Abstract

Dear Editors,
In a recent article, Digital Innovations for Occupational Safety: Empowering Workers in Hazardous Environments, Dodoo et al. (2024) highlighted how digital innovations can improve work safety in hazardous environments. I appreciate the emphasis on four main categories of digital safety systems: wearable-based systems, augmented/virtual reality–based systems, artificial intelligence (AI)–based systems, and navigation systems. Using deep learning algorithms, it is possible to predict worker stress levels based on identified patterns and trends, which in turn can help in designing more effective interventions to prevent excessive work stress (Awada et al., 2023; Wang et al., 2023). Therefore, the integration of monitoring and prediction systems into existing safety procedures will improve the response to risks (Hu et al., 2010). However, in Indonesia, the main challenges in implementing digital innovations for workplace safety include uneven internet infrastructure, low digital literacy among workers, and the need to improve the digital readiness of society. In addition, the adaptation of supervisory systems for flexible working is also important. Overcoming these barriers will support a safer work environment with digital technology.

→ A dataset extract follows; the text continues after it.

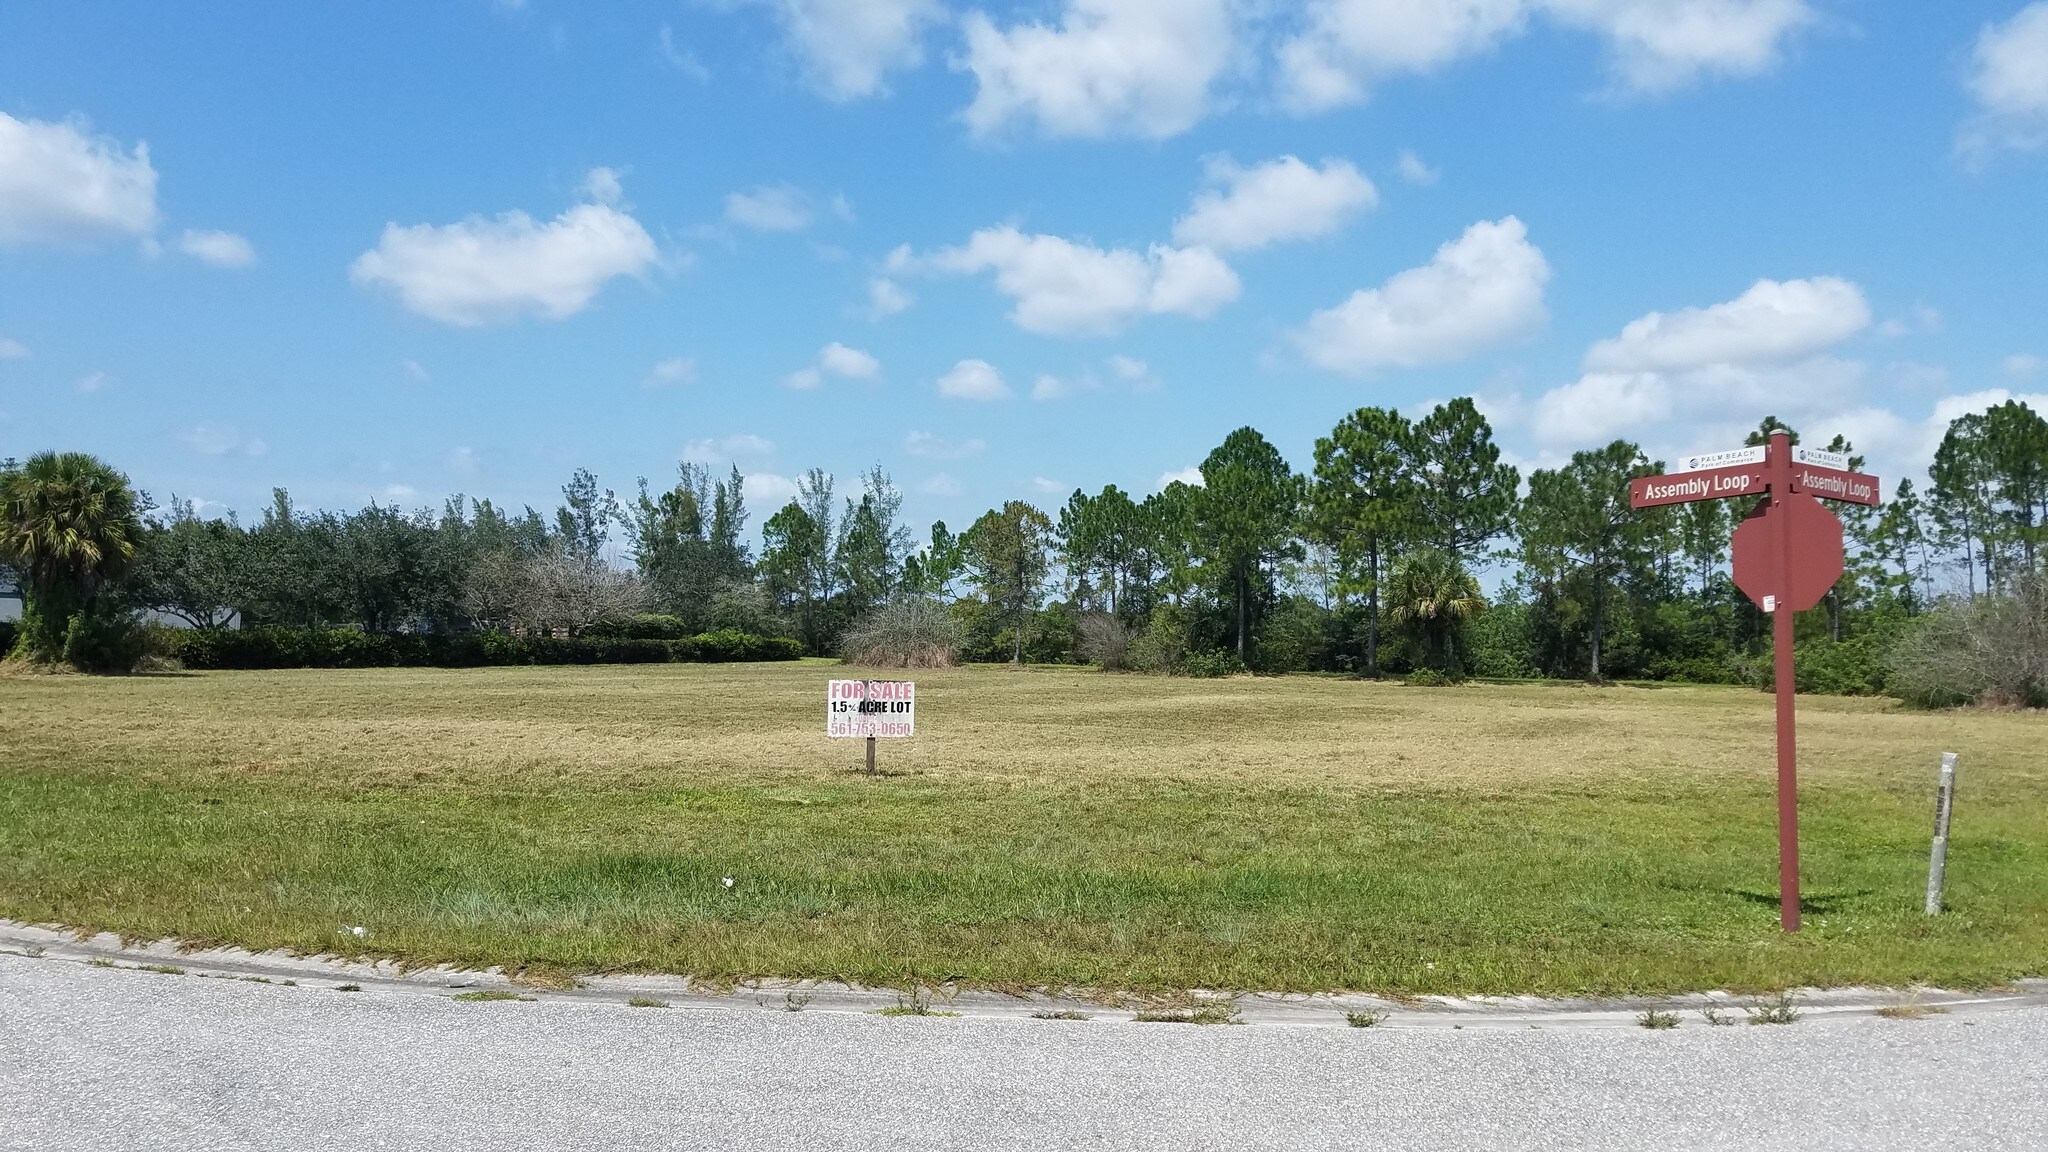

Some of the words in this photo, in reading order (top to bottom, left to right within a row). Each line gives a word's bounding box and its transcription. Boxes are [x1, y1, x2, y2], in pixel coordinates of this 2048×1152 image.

In Indonesia, it was shown that machine-learning methods, including classification of algorithms such as K-Nearest Neighbor, Decision Tree, and Support Vector Machine (SVM), have been successfully used to detect human stress levels based on sleep quality with a very high accuracy rate (Zulkarnain et al., 2023). In addition, reports by Wicaksono and Anggarini (2018) show that the work stress rate in Indonesia is 21%, which is relatively lower compared to the global work stress rate of 44%. This research highlights the importance of technology in understanding and managing work stress, as well as the potential of deep learning algorithms in providing effective solutions to this problem in Indonesia.
Understanding trends and predicting worker stress levels using deep learning algorithms is important as work stress is a global issue that affects employees’ mental and physical health as well as company productivity. In Indonesia, with challenges such as imbalanced digital infrastructure and low technological literacy, it is important to adopt approaches that can effectively identify and manage work stress. Deep learning algorithms, with advanced data analysis capabilities, offer a solution that can process large amounts of data to recognize patterns of stress (Cho et al., 2017). This allows companies to take preventive measures, reduce the negative impact of stress on employees, and improve their well-being.
The incorporation of technology in occupational safety systems, as described by Dodoo et al. (2024), can provide an additional layer of protection for workers. By utilizing real-time data and predictive analytics, companies can identify workers at risk of high stress and take preventive measures before serious problems occur. This will not only improve worker well-being but can also reduce workplace incidents and increase productivity.
The prevention of safety issues is a crucial aspect in any industry, and deep learning algorithms offer significant benefits in this regard. With the ability to efficiently process and analyze Big Data, these algorithms can identify patterns invisible to the human eye, predict potential incidents, and provide preventive recommendations. Preventive measures that can be taken include employee training on potential hazards, the use of personal protective equipment, and the implementation of strict safety protocols. Deep learning algorithms can assist in designing training programs tailored to the specific needs of workers based on analysis of behavioral data and previous accidents (Parker & Grote, 2022). In addition, systems equipped with deep learning can automatically monitor working conditions and provide early warnings of potentially dangerous situations (Zhan et al., 2022). Thus, the integration of deep learning algorithms in work safety systems not only increases the effectiveness of prevention but also helps in creating a safer and healthier work environment for workers (Hou et al., 2021). Therefore, utilizing deep learning algorithms in workplace safety is a progressive step that supports efforts to prevent and minimize risks in the workplace.
Overall, this technology offers a highly valuable and innovative approach to managing employee well-being. With advanced data analysis and predictive capabilities, deep learning algorithms can identify patterns that indicate stress levels, allowing companies to take preventive action before stress negatively impacts worker health and productivity. This marks a step forward in the effort to create a more supportive and healthy work environment and shows great potential in the use of AI to improve the quality of work life. In conclusion, deep learning algorithms are an important and effective tool in workplace stress management strategies.
Footnotes
Conflict of Interests
The author(s) declared no potential conflicts of interest with respect to the research, authorship, and/or publication of this article.
Funding
The author(s) received no financial support for the research, authorship, and/or publication of this article.
Ethical Approval and Consent to Participate
Informed consent and ethical approval are not necessary for this study. No human participant was involved.